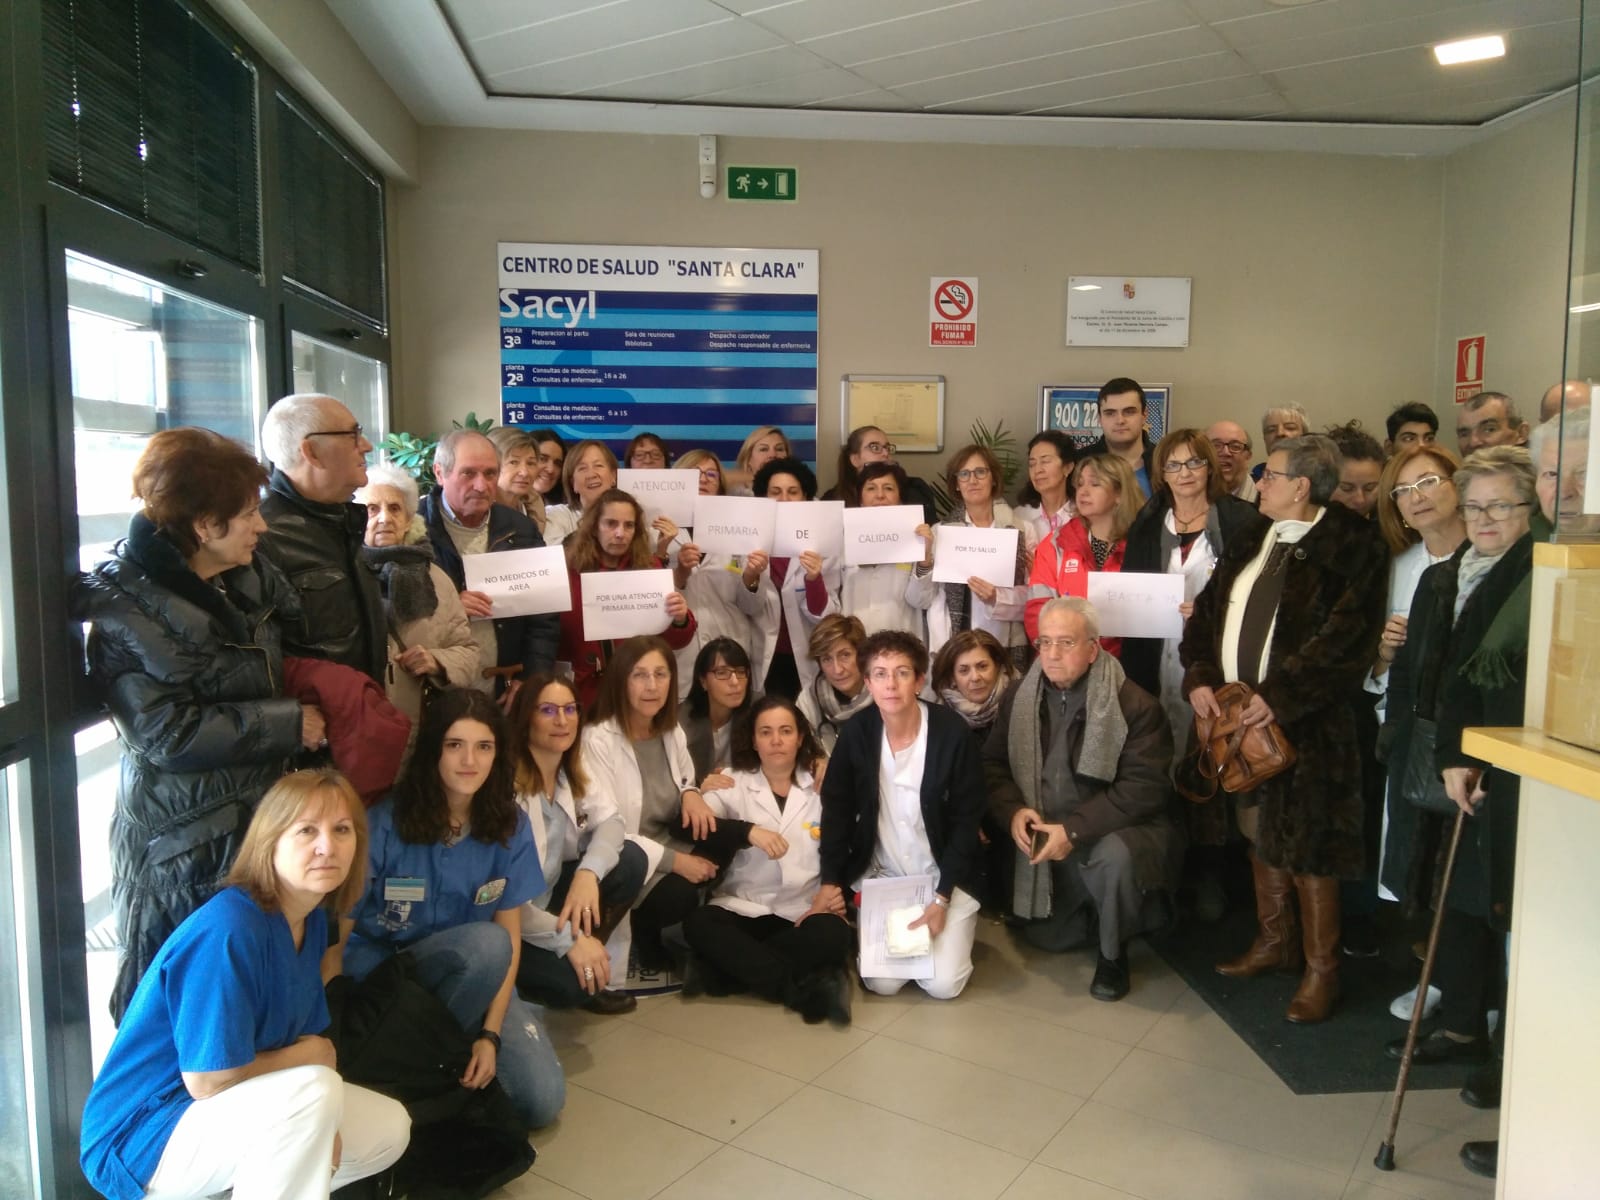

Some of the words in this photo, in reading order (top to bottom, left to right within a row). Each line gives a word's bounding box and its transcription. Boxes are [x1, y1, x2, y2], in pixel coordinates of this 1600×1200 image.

[503, 257, 573, 273] CENTRO
[577, 258, 599, 274] DE
[602, 259, 659, 275] SALUD
[668, 259, 735, 277] "SANTA
[741, 261, 804, 279] CLARA"
[499, 288, 596, 328] Sacyl
[935, 323, 971, 332] PROHIBIDO
[941, 331, 965, 340] FUMAR
[505, 364, 525, 372] planta
[506, 402, 526, 410] planta
[1055, 402, 1080, 428] 900
[632, 480, 686, 491] ATENCION
[707, 525, 760, 537] PRIMARIA
[796, 529, 809, 540] DE
[858, 533, 899, 544] CALIDAD
[484, 576, 498, 584] NO
[499, 570, 537, 582] MEDICOS
[538, 568, 550, 577] DE
[508, 582, 531, 592] AREA
[595, 594, 611, 602] POR
[611, 593, 628, 601] UNA
[629, 591, 663, 600] ATENCION
[601, 604, 636, 612] PRIMARIA
[636, 602, 659, 610] DIGNA
+++++
* TASK DIRECTIONS:
Each line above should be written out again exactly, without any image.

* RESPONSE TO THIS EXERCISE:
Some of the words in this photo, in reading order (top to bottom, left to right within a row). Each line gives a word's bounding box and its transcription. Boxes are [x1, y1, x2, y2], in pixel coordinates of this 1600×1200 image.

[503, 257, 573, 273] CENTRO
[577, 258, 599, 274] DE
[602, 259, 659, 275] SALUD
[668, 259, 735, 277] "SANTA
[741, 261, 804, 279] CLARA"
[499, 288, 596, 328] Sacyl
[935, 323, 971, 332] PROHIBIDO
[941, 331, 965, 340] FUMAR
[505, 364, 525, 372] planta
[506, 402, 526, 410] planta
[1055, 402, 1080, 428] 900
[632, 480, 686, 491] ATENCION
[707, 525, 760, 537] PRIMARIA
[796, 529, 809, 540] DE
[858, 533, 899, 544] CALIDAD
[484, 576, 498, 584] NO
[499, 570, 537, 582] MEDICOS
[538, 568, 550, 577] DE
[508, 582, 531, 592] AREA
[595, 594, 611, 602] POR
[611, 593, 628, 601] UNA
[629, 591, 663, 600] ATENCION
[601, 604, 636, 612] PRIMARIA
[636, 602, 659, 610] DIGNA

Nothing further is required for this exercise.